AIM ImmunoTech enters its May 18 earnings release having shed more than half its value in a single month — and with every major short-side signal moving in the same direction at once: covering, cheaper borrows, and a lending pool that just reopened.
The price collapse is the headline. Shares closed at $0.253 on Friday, a 56% fall over the past month and 25% down on the week alone. Against that backdrop, the stock's short positioning is doing something counterintuitive: it is retreating. Short interest as a percentage of the free float fell from roughly 9% at the start of this week to 7.1% by May 14, a 22% week-on-week decline in shares held short. Over the last month, however, SI % FF has risen 56% — so the net picture is that shorts who piled in during April are now covering into the weakness. The ORTEX short score dropped to 47 by May 14, down from 67 just four days earlier on May 11, confirming the rapid de-escalation of bearish conviction in the lending market.
The borrow story is equally striking. Cost to borrow peaked above 340% APR in early April and has been grinding lower ever since, reaching 191% by May 14 — still extraordinarily expensive by any conventional measure, but a near-halving from those April extremes. More telling is what happened to availability this week: utilization collapsed from 75%–81% through the first week of May to just 9.9% by May 14. That means the lending pool went from tightly constrained — fewer than one share available per four already borrowed — to comfortably open almost overnight. When borrow availability loosens this abruptly into a falling price, it typically reflects short sellers returning shares en masse rather than new supply entering the market.
The Street offers little additional signal. A single analyst, Ascendiant Capital, covers the stock — and cut its target to $10 in early April from $22, continuing a long series of reductions (the prior target was $24, before that $150).
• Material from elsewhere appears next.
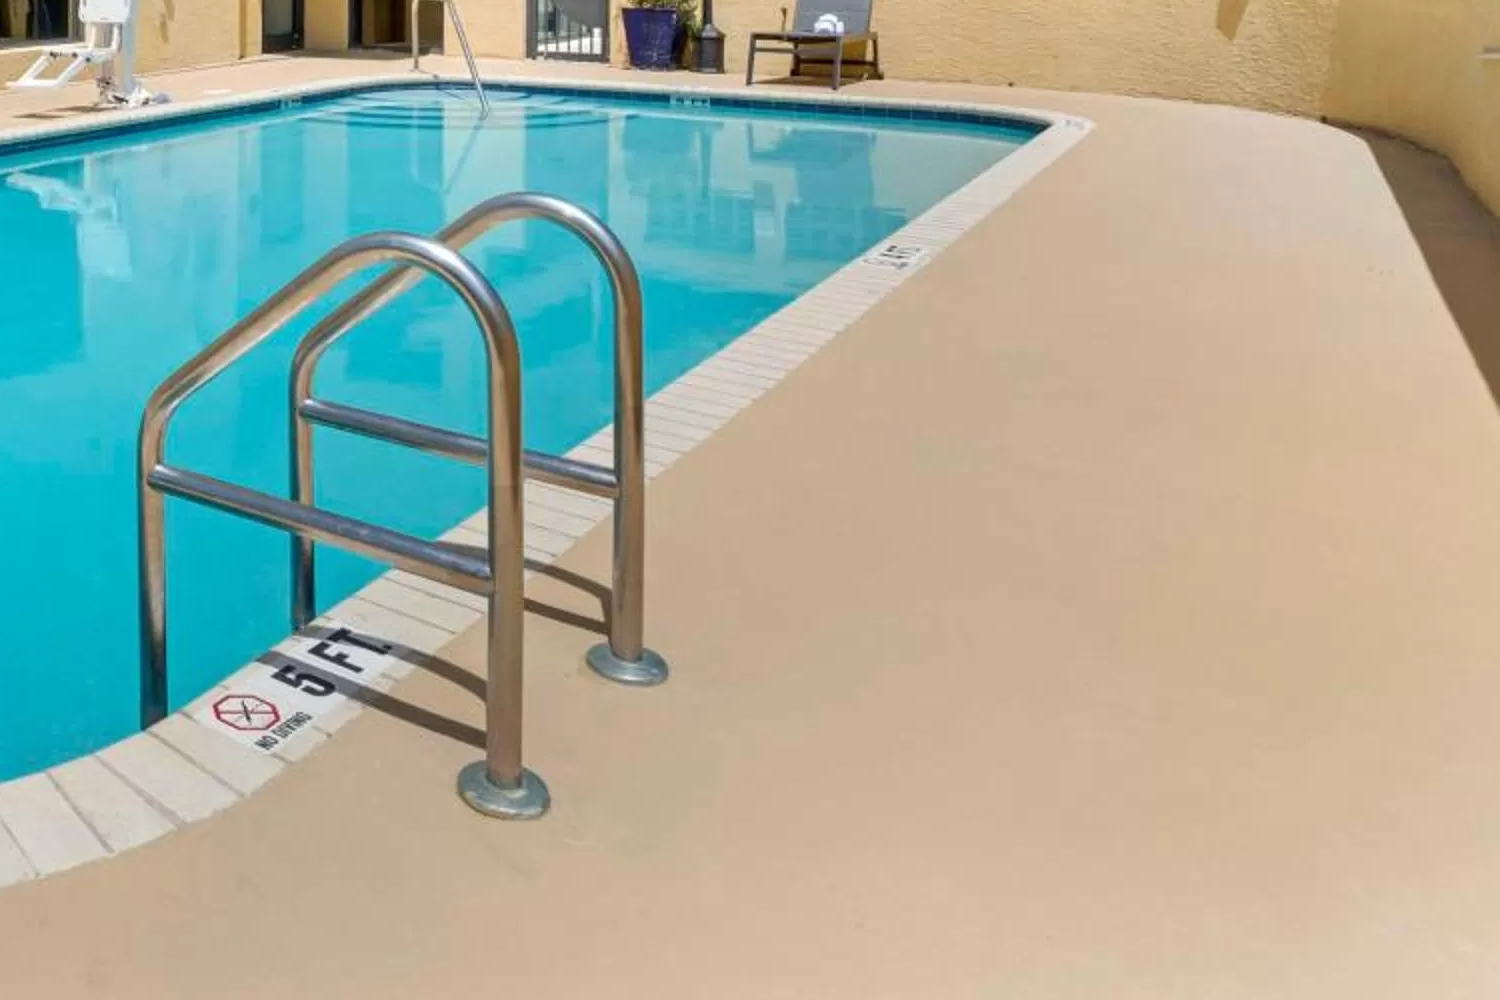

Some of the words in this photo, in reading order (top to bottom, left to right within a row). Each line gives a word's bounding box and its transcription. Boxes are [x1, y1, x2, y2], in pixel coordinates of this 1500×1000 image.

The current $10 target sits roughly 40 times above the current share price of $0.253, a gap that almost certainly reflects share structure changes and should not be read as conventional upside. The bull case rests on Ampligen's clinical pipeline — colorectal cancer, post-COVID, pancreatic cancer — while the bear case is grounded in ongoing net losses, liquidity constraints, and the structural risks of late-stage biotech. The EPS surprise factor score ranks in the 87th percentile, and the days-to-cover rank is in the 84th percentile, but with a float this small and institutional ownership this thin, those scores carry limited weight in the conventional sense.
Insider activity adds a modest layer of context. CEO Thomas Equels and director David Chemerow each bought $25,000 of stock in early March at around $1,000 per share — consistent with a post-reverse-split price structure — and Chemerow had acquired shares at market in February as well. The net insider position over 90 days is a buy of roughly $53,000 in value. Against a stock that has since fallen more than 75% from those March levels, the conviction behind those purchases has been tested severely.
The earnings print on May 18 is the next hard marker. The past three confirmed releases have all produced sharp moves: a 20% single-day drop in March 2026, a 5.7% fall in November 2025, and a 3.8% gain with a 17% five-day follow-through on the prior November 2025 event. Peers VCEL and ONCY both closed the week modestly lower, down 1.3% and 4.5% respectively, offering no particular sector read for AIM's trajectory. With shorts covering, borrow loosening, and a near-term catalyst on the calendar, the question for Monday's release is less about positioning pressure and more about whether the clinical narrative gives investors any reason to arrest a month-long decline.